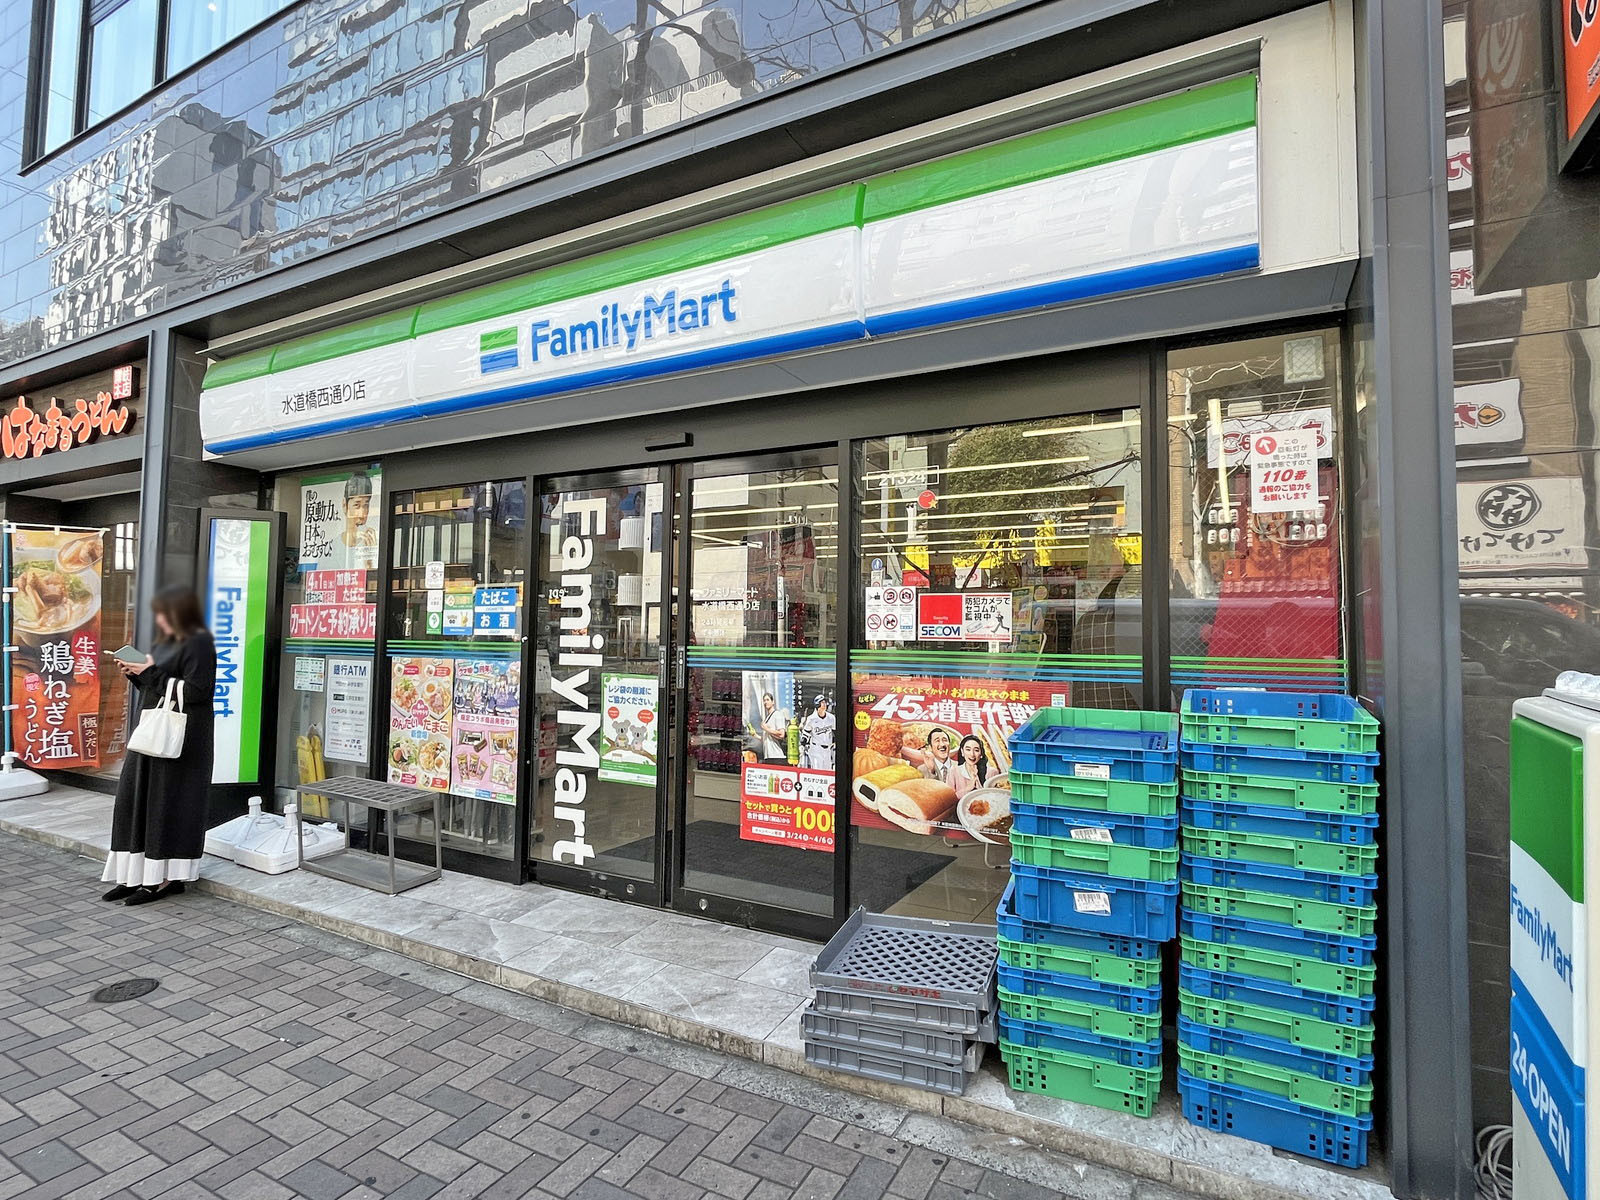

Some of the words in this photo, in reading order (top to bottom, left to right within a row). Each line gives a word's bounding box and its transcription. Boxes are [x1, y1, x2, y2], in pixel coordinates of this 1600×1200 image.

[531, 278, 737, 362] FamilyMart
[281, 379, 367, 415] 水道橋西通り店
[2, 392, 129, 459] はなまるうどん
[879, 470, 926, 487] 21324
[1263, 468, 1308, 483] 110番
[1258, 483, 1312, 493] 通報のご協力を
[1263, 492, 1308, 501] お願いします
[304, 523, 326, 541] 日本の
[481, 591, 511, 605] たばこ
[965, 597, 1011, 606] 防犯カメラで
[965, 604, 998, 613] セコムが
[921, 625, 961, 636] SECOM
[74, 636, 97, 677] 生姜
[550, 497, 607, 866] FamilyMart
[38, 641, 79, 759] 鶏ねぎ塩
[607, 695, 654, 707] ご協力ください。
[950, 687, 1031, 701] お値段そのまま
[24, 698, 42, 764] うどん
[82, 716, 98, 758] 極みだし
[745, 801, 793, 815] セットで買うと
[793, 806, 835, 834] 100
[1510, 884, 1574, 993] FamilyMart
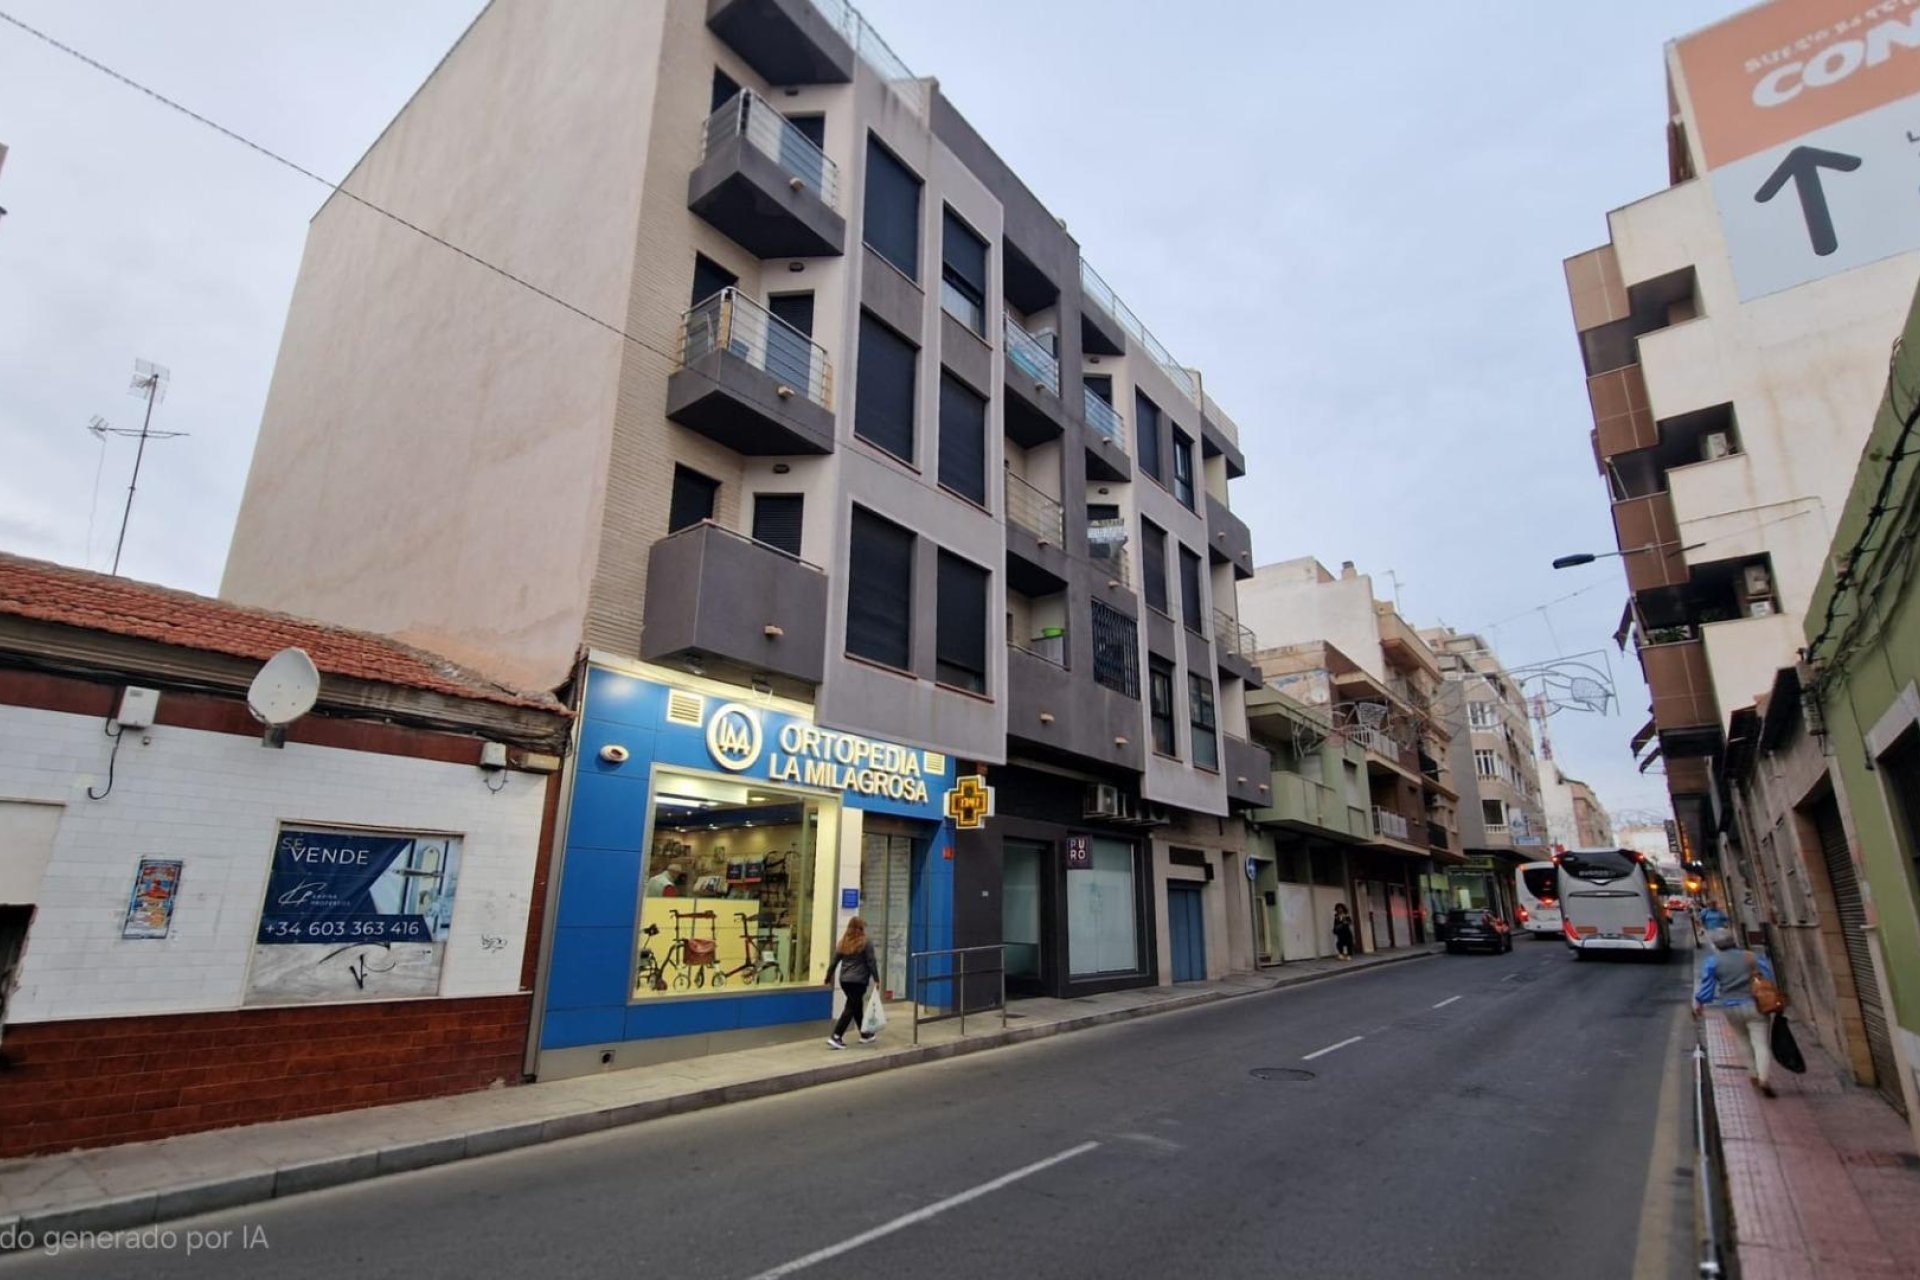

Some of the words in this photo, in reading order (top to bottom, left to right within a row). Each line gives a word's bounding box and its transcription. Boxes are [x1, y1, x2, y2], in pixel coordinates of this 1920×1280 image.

[780, 723, 920, 778] ORTOPEDIA
[769, 752, 800, 783] LA
[804, 759, 929, 804] MILAGROSA
[281, 837, 304, 850] SE
[291, 846, 370, 865] VENDE
[265, 921, 301, 936] +34
[308, 921, 345, 936] 603
[351, 921, 385, 936] 363
[390, 921, 419, 936] 416

☆ ☆ ☆ ☆ ☆ ☆ ☆

ASSIGNMENT - The answer should hold the lines from the one containing "this 1920×1280 image." through the end of the entries above, set down exactly, with both ends included.

YOUR RESPONSE -
Some of the words in this photo, in reading order (top to bottom, left to right within a row). Each line gives a word's bounding box and its transcription. Boxes are [x1, y1, x2, y2], in pixel coordinates of this 1920×1280 image.

[780, 723, 920, 778] ORTOPEDIA
[769, 752, 800, 783] LA
[804, 759, 929, 804] MILAGROSA
[281, 837, 304, 850] SE
[291, 846, 370, 865] VENDE
[265, 921, 301, 936] +34
[308, 921, 345, 936] 603
[351, 921, 385, 936] 363
[390, 921, 419, 936] 416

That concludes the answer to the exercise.